For the purpose of calculating the Equity and Total Assets under this Section 2.1, a reduction in Equity of up to USD 30,000,000 (Thirty Million USD) as a result of a write off of goodwill, will be excluded from the calculation.

Profit Ratio
2.2The ratio of Top Company's annual consolidated of Funded Debt to EBITDA shall not exceed 3.5, which shall be measured each quarter, taking into account one year backwards from the end of quarter measurement day.
It is clarified that during the first year following the Commencement Date (as defined in the Commitment Letter), calculation of the above covenants shall be made also based upon pro-forma financial statements (included in final public filings under relevant securities laws) for past four (or less, as applicable) quarters commencing on the second fiscal quarter of 2020 (in each case – as of the time the relevant pro-forma statements shall become available), taking into account the applicable period preceding completion of the Split (as defined in the Commitment Letter). For the avoidance of doubt, in the event that the period reported publicly is shorter than four quarters, the relevant numbers and calculations shall be certified by the Top Company’s CEO/CFO to the Bank as part of the Compliance Certificate (in Section 5.2 below).
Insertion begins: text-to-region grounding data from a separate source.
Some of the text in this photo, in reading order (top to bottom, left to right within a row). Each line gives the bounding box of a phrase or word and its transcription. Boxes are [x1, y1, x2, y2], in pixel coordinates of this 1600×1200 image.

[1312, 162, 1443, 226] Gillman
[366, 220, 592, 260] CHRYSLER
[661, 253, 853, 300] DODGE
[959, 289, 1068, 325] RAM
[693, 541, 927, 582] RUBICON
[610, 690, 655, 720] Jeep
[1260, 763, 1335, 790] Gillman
2.2A    In the period from July 31, 2022 to January 31, 2023 the Financial Covenant in Section 2.2 above shall be temporarily substituted for the following Financial Covenant:

    The total net (i.e., after deduction of Funded Debt) Cash and Cash Equivalents (including Cash/Cash Equivalents and short term investments)will be higher than USD10,000,000 (Ten Million USD).

    In calculating the total Cash and Cash Equivalents as aforesaid as of the end of the quarter, the calculation will include cash received from customers in the first 2 weeks after the end of the quarter in respect of sales included in the prior quarters.

Liquidity
2.3Top Company shall maintain, on consolidated basis, an amount of unrestricted Cash and Cash Equivalents (including Cash/Cash Equivalents and short term investments) of at least US$25,000,000 (Twenty Five Million US Dollars). This covenant will be measured on a monthly basis.
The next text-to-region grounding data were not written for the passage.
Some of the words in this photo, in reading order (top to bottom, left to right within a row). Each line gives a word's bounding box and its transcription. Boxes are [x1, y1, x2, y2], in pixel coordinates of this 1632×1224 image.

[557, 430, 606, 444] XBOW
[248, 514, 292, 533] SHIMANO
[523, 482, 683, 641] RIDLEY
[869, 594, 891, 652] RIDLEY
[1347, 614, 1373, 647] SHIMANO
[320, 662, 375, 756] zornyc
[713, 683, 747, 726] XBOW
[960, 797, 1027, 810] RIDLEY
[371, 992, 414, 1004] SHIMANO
2.4Current Assets (as such term is defined in the Financial Reports) shall be higher than the Current Liabilities (as such term is defined in the Financial Reports).

The covenants stated in paragraphs 2.1 - 2.4 above (“the Financial Covenants”) are based on current standards of accounting, accounting principles and accounting policy (“the Accounting Standards”) as reflected in the Top Company's most recent Financial Reports (“the Latest Accounts”).

Different Accounting Standards other than those on the basis of which the Latest Accounts were prepared prior to the signing of this document, including, but not limited to the implementation of the US Generally Accepted Accounting Principles (US GAAP), or new
- 2 -


or different accounting standards in Israel or abroad, changes in estimates, and/or accounting policies and also for the removal of doubt, due to any revision and/or update and/or addition and/or change in the applicable accounting standards (“the New Accounting Standards”) may affect the Financial Covenants.

Accordingly, the Top Company hereby agrees as follows:
If it becomes evident to either the Bank or Company, that there have been / are about to be changes in the Top Company's Financial Reports as a result of the New Accounting Standards which shall or would reasonably be expected to have a significant impact on the calculation of the Financial Covenants, the Bank may, after consultation with the Company and Top Company in good faith, inform Top Company of changes that need to be made to the Financial Covenants (“the Amended Financial Covenants”), in order adapt them to such changes in the Financial Report, with the intent of adapting them according to the original financial purpose for which they were determined.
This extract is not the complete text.